The westernisation, simplification and globalisation of diets is a massive issue for both people and planet. This process, that has swept across the world ever more rapidly over the last three or so decades, is being driven as much by industry and government, as it is by consumer demand. As emphasised by research on the five blue zone regions of the world, long, healthy lives are not associated with technological advancement either of food production or healthcare systems (Buettner and Skemp, 2016). The corollary is also true. Obesity, type 2 diabetes and the primary health burdens of the 21st century, are all associated with technological advancement. Traditional diets and agricultural practices are being forgotten at an astonishing rate as adoption of technology and urbanisation gathers pace in the so-called developing nations.

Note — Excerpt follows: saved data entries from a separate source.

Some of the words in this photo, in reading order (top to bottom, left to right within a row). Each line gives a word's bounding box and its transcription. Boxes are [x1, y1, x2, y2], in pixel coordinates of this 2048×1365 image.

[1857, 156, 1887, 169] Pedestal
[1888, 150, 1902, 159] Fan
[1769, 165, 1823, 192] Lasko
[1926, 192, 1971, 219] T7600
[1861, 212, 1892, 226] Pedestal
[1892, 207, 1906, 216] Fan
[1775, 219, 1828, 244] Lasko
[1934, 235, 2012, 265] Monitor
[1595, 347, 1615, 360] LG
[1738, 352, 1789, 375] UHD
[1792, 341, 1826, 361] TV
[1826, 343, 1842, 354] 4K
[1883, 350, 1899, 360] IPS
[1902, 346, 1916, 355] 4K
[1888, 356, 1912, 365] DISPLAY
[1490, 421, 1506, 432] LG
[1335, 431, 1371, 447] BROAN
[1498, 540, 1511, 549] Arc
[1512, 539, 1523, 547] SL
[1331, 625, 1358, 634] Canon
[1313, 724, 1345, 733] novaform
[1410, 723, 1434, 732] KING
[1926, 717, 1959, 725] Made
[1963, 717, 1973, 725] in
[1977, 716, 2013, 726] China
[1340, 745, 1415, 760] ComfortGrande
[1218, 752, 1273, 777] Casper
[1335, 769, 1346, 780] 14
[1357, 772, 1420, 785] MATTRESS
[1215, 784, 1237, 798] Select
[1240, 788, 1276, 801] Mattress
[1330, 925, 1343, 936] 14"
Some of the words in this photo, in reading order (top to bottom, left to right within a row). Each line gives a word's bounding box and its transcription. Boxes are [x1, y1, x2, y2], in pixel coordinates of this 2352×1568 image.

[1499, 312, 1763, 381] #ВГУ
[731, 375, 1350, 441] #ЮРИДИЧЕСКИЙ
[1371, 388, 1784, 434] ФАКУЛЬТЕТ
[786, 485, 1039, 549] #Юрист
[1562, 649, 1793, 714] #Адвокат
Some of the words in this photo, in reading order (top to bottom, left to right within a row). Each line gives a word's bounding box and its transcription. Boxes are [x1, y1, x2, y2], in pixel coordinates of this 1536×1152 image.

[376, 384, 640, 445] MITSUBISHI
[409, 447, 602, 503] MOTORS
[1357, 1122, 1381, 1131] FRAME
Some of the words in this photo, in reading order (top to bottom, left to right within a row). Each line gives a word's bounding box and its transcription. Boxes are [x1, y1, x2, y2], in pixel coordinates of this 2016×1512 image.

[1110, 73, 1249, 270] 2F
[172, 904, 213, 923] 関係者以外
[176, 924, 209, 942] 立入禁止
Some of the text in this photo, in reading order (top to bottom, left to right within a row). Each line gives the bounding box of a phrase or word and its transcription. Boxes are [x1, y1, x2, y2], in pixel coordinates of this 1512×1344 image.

For the sake of people and planet, a major international effort is urgently required to compare the net harms and benefits of different strategies relating to food production systems and consumption patterns in different regions and countries. This should include comparisons between high-input, industrial-scale farming systems for plants and animals, against low-input, sustainable systems, based on agro-ecological, nutrient-cycling principles.

As suggested by Christine King (2008), these agro-ecological systems are about reconnecting people and food, and people with people – as well as helping to create community and health resilience. Fundamental to the viability and stability of these systems is their adaptation to local environments and cultures, and their resilience in the face of climatic, social and political instability.

Such considerations are of key importance given the deficiencies of the EAT-Lancet report and the rise of the corporatocracy (Vanbergen, 2016). Equally, full account needs to be taken of the social, environmental, economic and cultural impacts of current trend tendency for control of agricultural, food production and healthcare resources into the hands of a small number of transnational corporations (George, 2015; Hendrikson et al, 2017).